++++ Information provided ++++
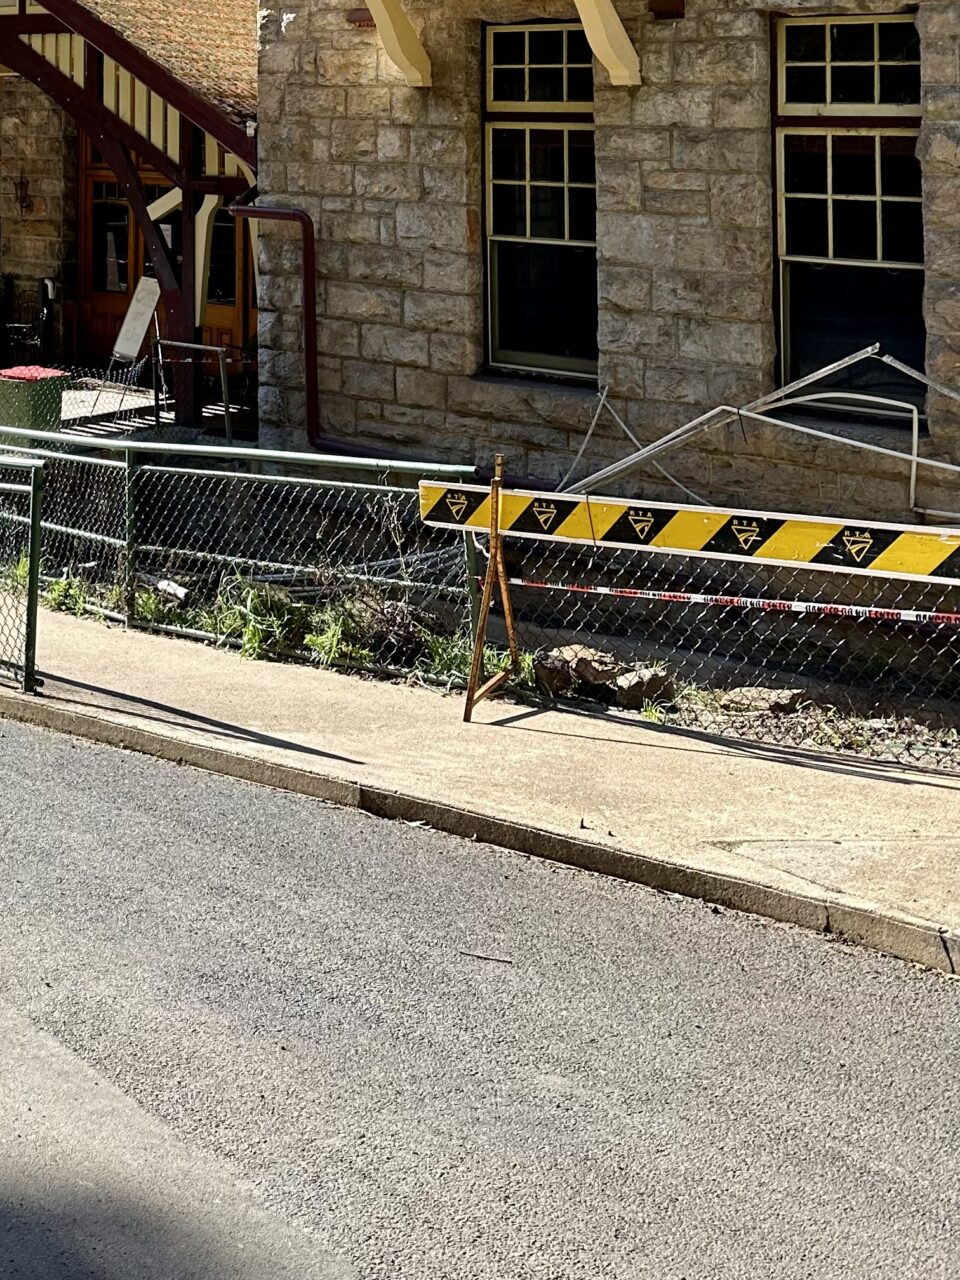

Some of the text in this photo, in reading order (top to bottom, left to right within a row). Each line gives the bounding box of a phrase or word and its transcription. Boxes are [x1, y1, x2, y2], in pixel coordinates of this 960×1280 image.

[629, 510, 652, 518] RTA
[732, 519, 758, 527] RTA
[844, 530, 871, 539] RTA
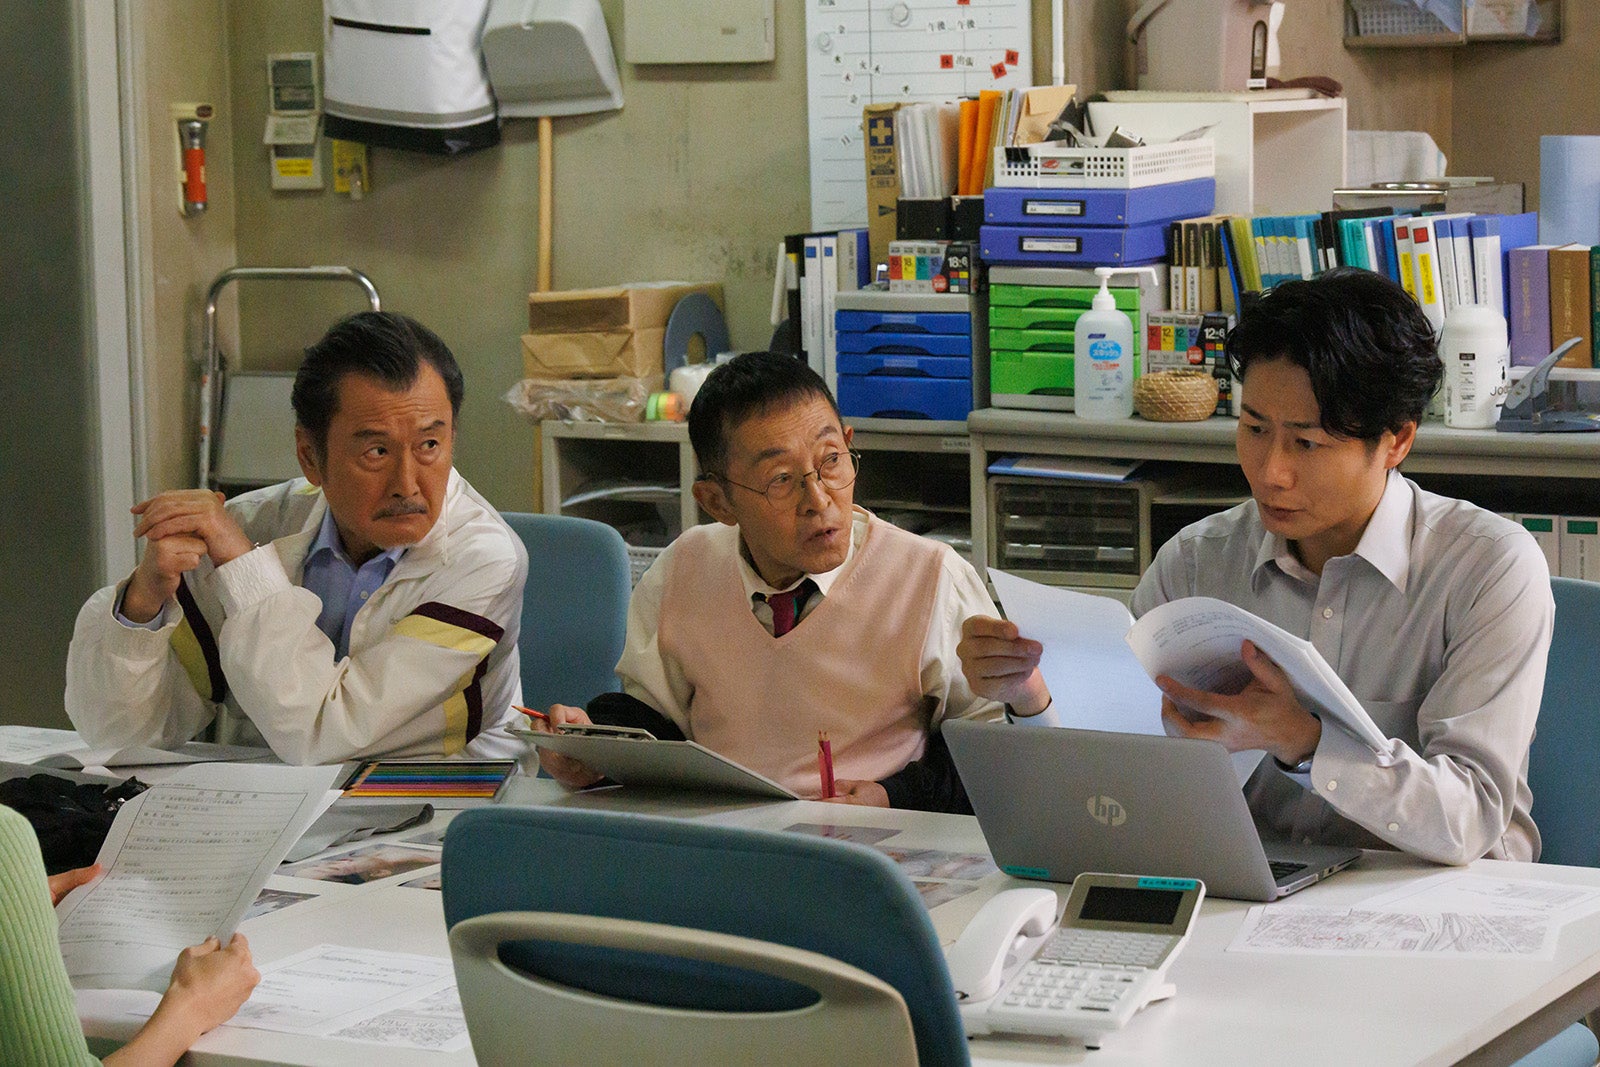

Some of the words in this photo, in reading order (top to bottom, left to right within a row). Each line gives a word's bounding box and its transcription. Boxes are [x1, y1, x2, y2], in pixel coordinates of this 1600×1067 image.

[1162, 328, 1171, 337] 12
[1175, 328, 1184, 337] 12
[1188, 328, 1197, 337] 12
++++
(What is required) Would you please repeat each record exactly? Leave the pictures out.

(Exercise response)
Some of the text in this photo, in reading order (top to bottom, left to right within a row). Each line gives the bounding box of a phrase or word and its transcription. Boxes are [x1, y1, x2, y2], in pixel coordinates of this 960×1280 image.

[629, 510, 652, 518] RTA
[732, 519, 758, 527] RTA
[844, 530, 871, 539] RTA

Some of the words in this photo, in reading order (top to bottom, left to right within a row). Each line gives a word's bounding box and its transcription. Boxes are [x1, y1, x2, y2], in pixel coordinates of this 1600×1067 image.

[1162, 328, 1171, 337] 12
[1175, 328, 1184, 337] 12
[1188, 328, 1197, 337] 12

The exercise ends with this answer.